In the case of Geld v. Russia,
The
European Court of Human Rights (First Section), sitting as a Chamber
composed of:
Nina Vajić,
President,
Anatoly Kovler,
Peer
Lorenzen,
Elisabeth Steiner,
Khanlar
Hajiyev,
Mirjana Lazarova Trajkovska,
Julia
Laffranque, judges,
and Søren Nielsen,
Section Registrar,
Having
deliberated in private on 6 March 2012,
Delivers
the following judgment, which was adopted on that date:
PROCEDURE
- The
case originated in an application (no. 1900/04)
against the Russian Federation lodged with the Court
under Article 34 of the Convention for the Protection of Human
Rights and Fundamental Freedoms (“the Convention”) by a
Russian national, Mr Sergey Ivanovich Geld (“the applicant”),
on 19 November 2003.
2. The
applicant was represented by Mr P. Finogenov, a lawyer practising in
Moscow. The Russian Government (“the
Government”) were represented by Mr G. Matyushkin,
Representative of the Russian Federation at the European Court of
Human Rights.
3. The
applicant alleged, in particular, that he had been detained in
extremely poor conditions in facility no. 1 in Perm.
- On
4 September 2008 the application
was communicated to the Government. It was also
decided to rule on the admissibility and merits of the application at
the same time (Article 29 § 1).
THE FACTS
I. THE CIRCUMSTANCES OF THE CASE
- The
applicant was born in 1975 and lives in Perm.
A. Criminal proceedings against the applicant
- On
30 December 2002 criminal proceedings were initiated against the
applicant, a traffic police officer at the time, and his partner on
suspicion of theft and abuse of office. In February 2003 the
applicant was served with the bill of indictment. An undertaking not
to leave his place of residence was imposed on him.
- On
21 March 2003 the applicant was arrested and placed in detention
facility no. 1 in Perm.
- Four
months later the Motovilikhinskiy District Court of Perm found the
applicant guilty as charged and sentenced him to four years’
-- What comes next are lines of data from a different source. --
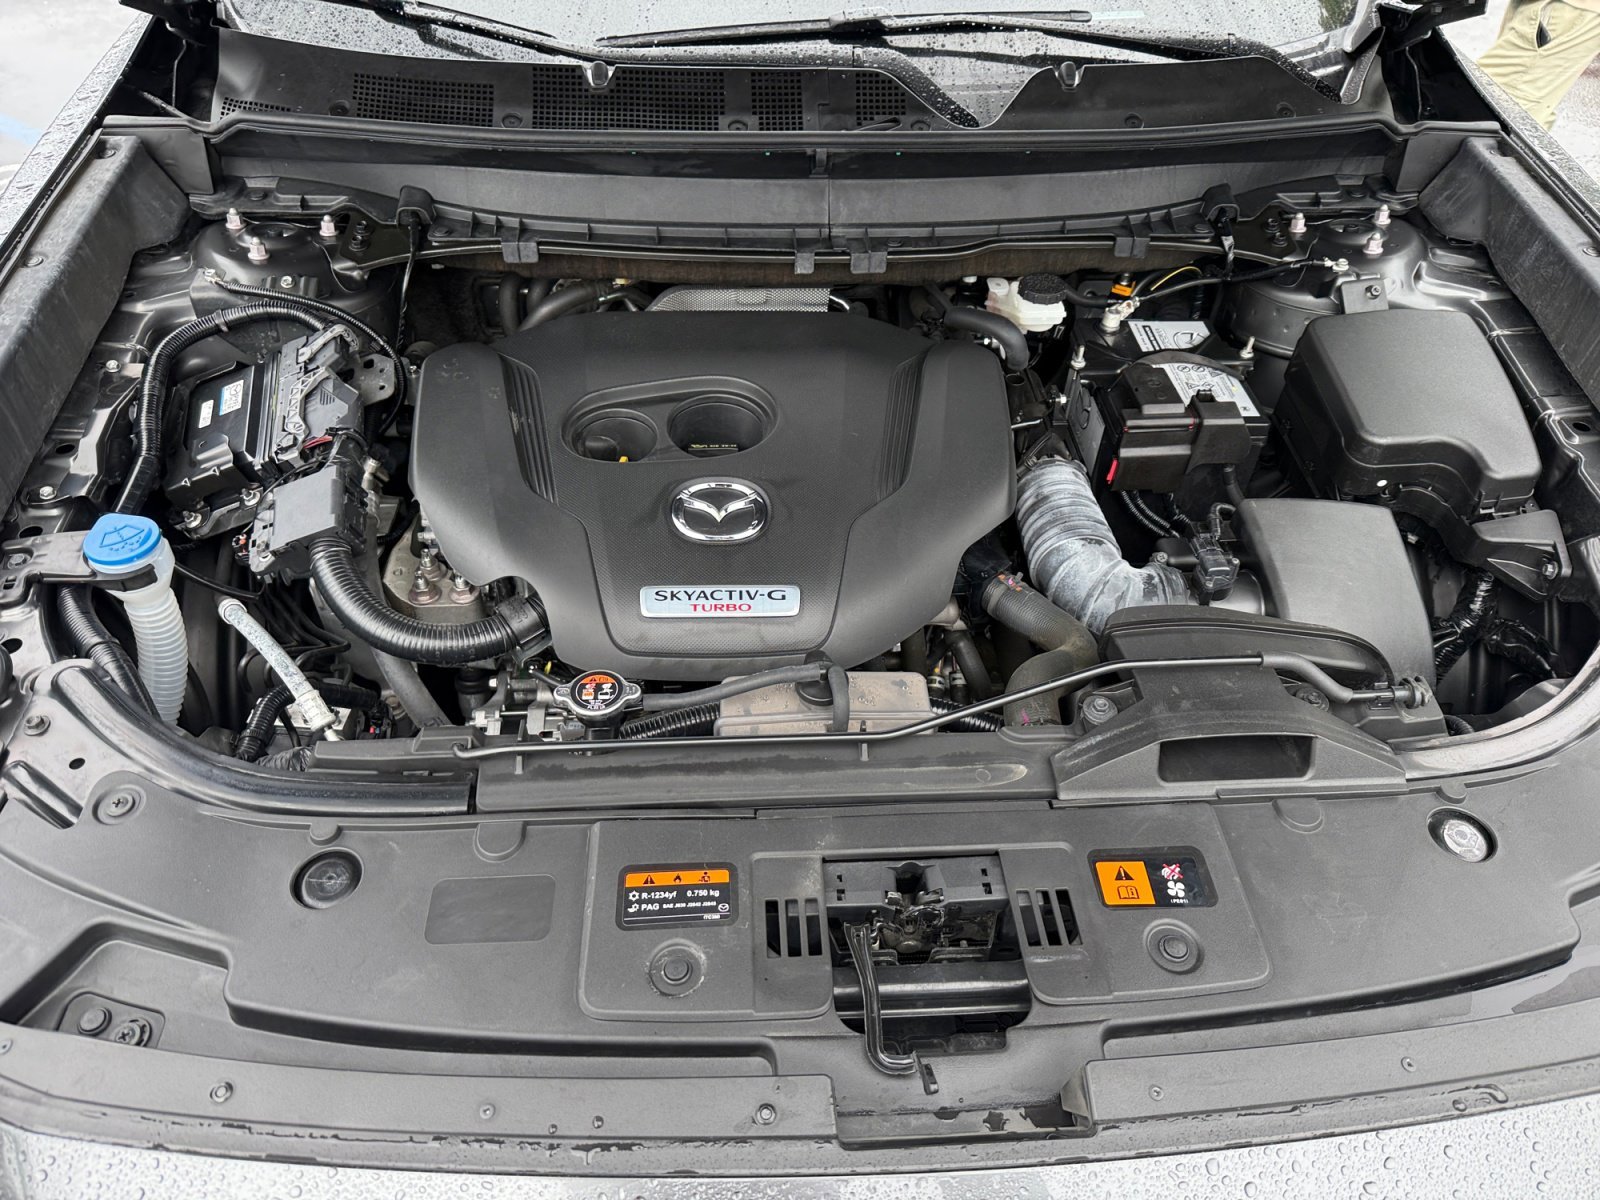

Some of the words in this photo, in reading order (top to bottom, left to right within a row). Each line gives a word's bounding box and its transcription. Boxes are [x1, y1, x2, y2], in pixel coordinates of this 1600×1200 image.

[654, 589, 786, 601] SKYACTIV-G
[690, 604, 752, 613] TURBO
[641, 891, 677, 900] R-1234yf
[709, 889, 720, 898] kg
[641, 903, 660, 911] PAG
imprisonment. The court relied on numerous witness testimonies and
forensic evidence. The applicant appealed. In his grounds of appeal
he complained that the trial court had incorrectly assessed the facts
and applied the law, and that it had not thoroughly examined the
evidence, thus failing to take into account certain important issues.
The judgment became final on 11 September 2003 when the Perm Regional
Court upheld it on appeal.
B. Conditions of the applicant’s pre-trial
detention
- From
21 March to 25 September 2003 the applicant was held in facility no.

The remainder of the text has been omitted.